La construction d’une bibliothèque présidentielle constitue une assez longue et très enviable tradition étasunienne. Les images 3D de la fausse proposition rigolote ont confirmé l’audace critique avec la création virtuelle d’une dizaine d’espaces concentrant les plus féroces reproches adressés à ce gouvernement.
On y retrouve un mur de la criminalité (dans l’atrium) ; une salle « Lie to America » et une autre consacrée aux gazouillis présidentiels ; une galerie des autocrates ; un jardin cimetière de la COVID-19. Il y a même une mise en abyme de l’architecture avec un hommage à « Trump, le bâtisseur », où se retrouvent des maquettes de ses tours, de ses hôtels et de ses casinos. Le nom et l’image du magnat de l’immobilier sont placardés partout sur et dans la bibliothèque virtuelle, comme il a l’habitude de signer en lettres hollywoodiennes ses immeubles ou ses avions.

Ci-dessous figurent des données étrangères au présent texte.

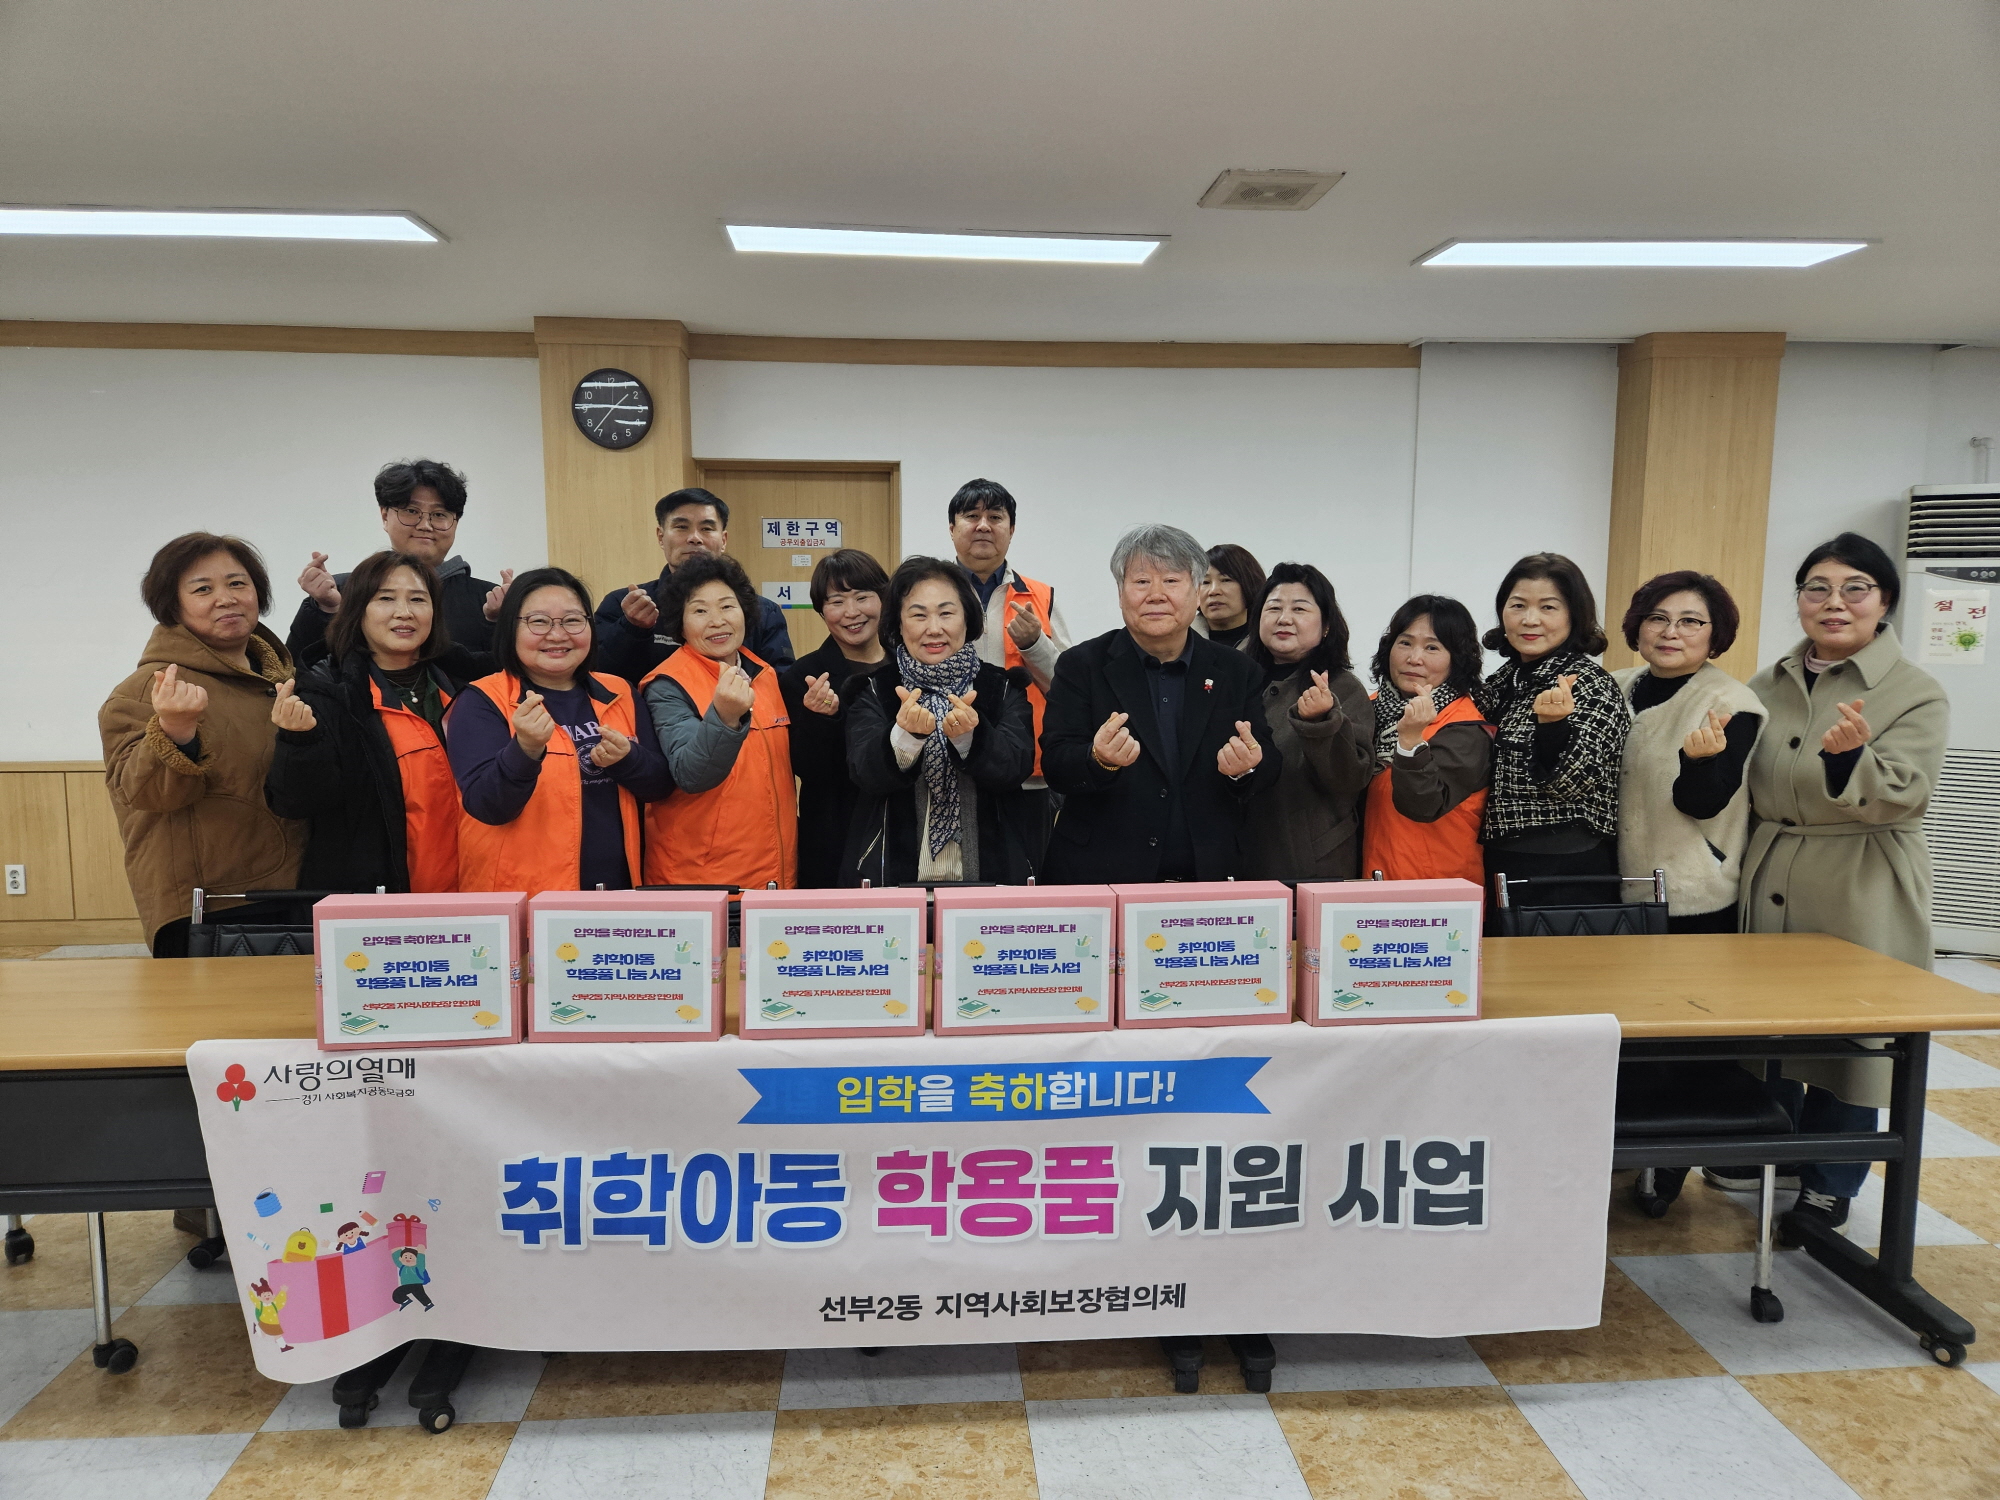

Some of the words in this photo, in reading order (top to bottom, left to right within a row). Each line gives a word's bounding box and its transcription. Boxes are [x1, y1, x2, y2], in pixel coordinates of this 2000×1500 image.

[584, 391, 593, 400] 10
[633, 391, 639, 400] 2
[587, 419, 593, 427] 8
[598, 429, 604, 437] 7
[612, 433, 618, 441] 6
[626, 429, 632, 437] 5
[767, 520, 838, 536] 제한구역
[777, 585, 791, 600] 서
[979, 924, 1015, 935] 입학을
[1016, 923, 1077, 935] 축하합니다!
[1160, 917, 1195, 929] 입학을
[1196, 915, 1255, 928] 축하합니다!
[1356, 918, 1390, 929] 입학을
[1391, 917, 1448, 928] 축하합니다!
[573, 927, 611, 939] 입학을
[612, 927, 676, 939] 축하합니다!
[784, 925, 821, 936] 입학을
[822, 924, 885, 935] 축하합니다!
[362, 935, 402, 947] 입학을
[403, 933, 472, 945] 축하합니다!
[1177, 940, 1236, 955] 취학아동
[1372, 941, 1430, 955] 취학아동
[591, 953, 656, 966] 취학아동
[802, 949, 864, 963] 취학아동
[997, 948, 1057, 962] 취학아동
[1154, 956, 1198, 969] 학용품
[1199, 955, 1229, 968] 나눔
[1230, 954, 1260, 967] 사업
[383, 959, 451, 975] 취학아동
[972, 963, 1018, 977] 학용품
[1019, 962, 1049, 975] 나눔
[1050, 961, 1081, 975] 사업
[1348, 956, 1392, 970] 학용품
[1393, 956, 1422, 970] 나눔
[1423, 955, 1452, 969] 사업
[565, 967, 615, 981] 학용품
[616, 967, 648, 981] 나눔
[649, 968, 682, 981] 사업
[776, 964, 824, 978] 학용품
[825, 964, 857, 977] 나눔
[858, 963, 889, 977] 사업
[356, 976, 407, 990] 학용품
[408, 975, 443, 989] 나눔
[444, 973, 478, 988] 사업
[263, 1057, 416, 1092] 사랑의열매
[302, 1093, 322, 1106] 경기
[324, 1086, 415, 1101] 사회복지공동모금회
[836, 1074, 955, 1114] 입학을
[968, 1070, 1177, 1112] 축하합니다!
[500, 1150, 847, 1247] 취학아동
[875, 1145, 1120, 1238] 학용품
[1145, 1142, 1304, 1232] 지원
[1327, 1138, 1486, 1228] 사업
[818, 1293, 923, 1323] 선부2동
[934, 1282, 1187, 1319] 지역사회보장협의체

Le concepteur de cette attaque numérique explique au Devoir avoir conçu ce projet immédiatement après la défaite de Hillary Clinton, en 2016, pour laquelle il avait travaillé comme bénévole. «J’ai pensé que Donald Trump élu président aurait droit à sa bibliothèque et j’ai pensé qu’il faudrait y retrouver des témoignages de tout ce qu’il allait faire, dit l’architecte de New York qui demande que ne soit pas révélée son identité. J’ai réservé le nom de domaine djtrumplibrary.com en novembre 2016.»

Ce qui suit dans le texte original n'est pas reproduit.